After the dancing had been going on a short while, she found she was not in the humor for it; the men who asked her to dance didn"t interest her, and she felt like going to bed. Being a firm believer in individualism and thinking only of herself, she quietly withdrew and went to bed.
A number of her guests had not yet arrived. When they did and sought to greet their hostess, inquiries were made and in the end everybody was apprised of her behavior. She imagined that it concerned only herself, whereas the sympathy, affection, the kindly att.i.tude which all those people were disposed to have for her suffered a shock. A touch of resentment and antipathy was left behind which would make itself felt in future relations. The sympathy and affection of those about us is a part of life too precious and necessary to our well-being to be lightly cast aside. The loss to us and to them, however trifling in any one instance, may in the course of time involve lasting consequences.
In the various examples we have cited so far, it has been a question of hurting or depriving others, through lack of consideration. A similar motive comes into play in prompting us to bestow pleasure upon others.
Human sympathy causes us to delight in the joy of those we love, just as their sorrow saddens us. We like to give them presents, prepare surprises for them, devise ways and means of adding to their happiness.
Such acts on our part are usually accompanied by a very sweet and lovely feeling of sentiment. Our hearts are warmed by the thought and sight of this good that is coming to those we love. Some cynical and shallow reasoners like to argue that such acts are only a disguised form of selfishness because, as we have a sympathetic share in the pleasure, we benefit by it, ourselves. Any such argument is usually found to be no more than a quibble on words and a pretense of cleverness. Nevertheless, as this sort of talk is liable to crop up at any time, in connection with human motives, and cause a confusion of idea, it may be just as well to pause for a moment and dispose of it.

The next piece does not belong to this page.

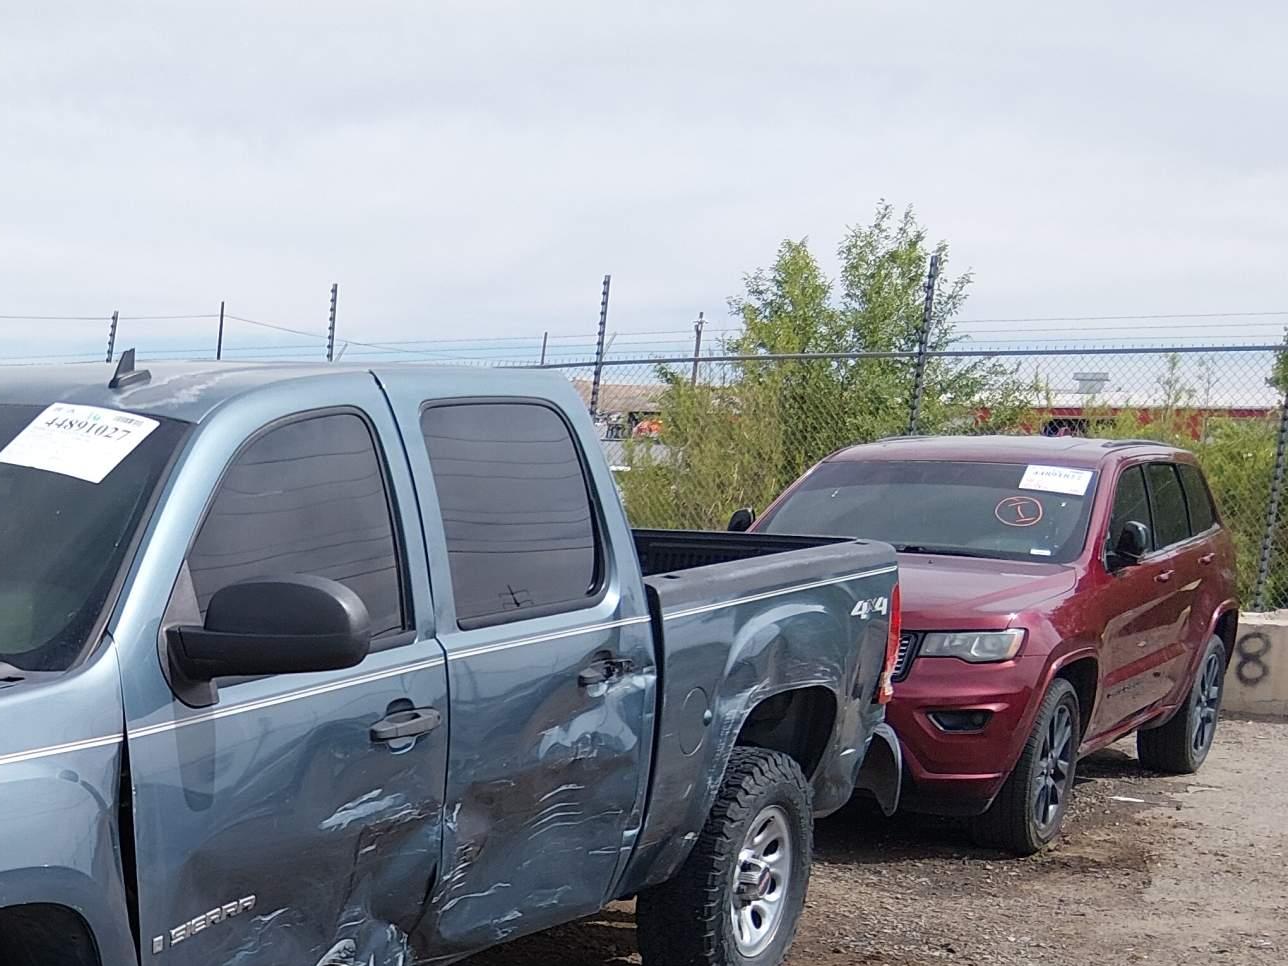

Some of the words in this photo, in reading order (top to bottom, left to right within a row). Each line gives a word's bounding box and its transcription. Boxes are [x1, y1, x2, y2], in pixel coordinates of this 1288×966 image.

[45, 417, 132, 441] 44891027
[1235, 631, 1271, 686] 8
[169, 893, 257, 947] SIERRA

If you find our little friend Harry sobbing on a tree stump because he has lost his apple, you feel sorry for him--because you understand and sympathize. If you had an apple in your pocket, you would give it to him. You are not thinking of yourself--you are thinking of him. If Jake comes along and restores the apple and Harry stops crying and offers Jake half, the feeling of gladness that comes to you has nothing selfish in it at all. There is no motive or calculation of self-gratification in the sentiments you have experienced. They are inspired, not by the thought of your own welfare, but the welfare of another. The essence of them is sympathy and affection.
So it is with countless acts of kindness which frequently involve the need of denying our selfish inclinations--depriving ourselves of personal gratifications--for the sake of helping others who are in trouble, or bringing pleasure to those we love. The first consideration--the true determining motive--is not any thought of the benefit to ourselves, but the benefit to them. In every-day language the word used to characterize such acts and feelings is generosity--and this is properly and popularly considered the exact opposite of selfishness.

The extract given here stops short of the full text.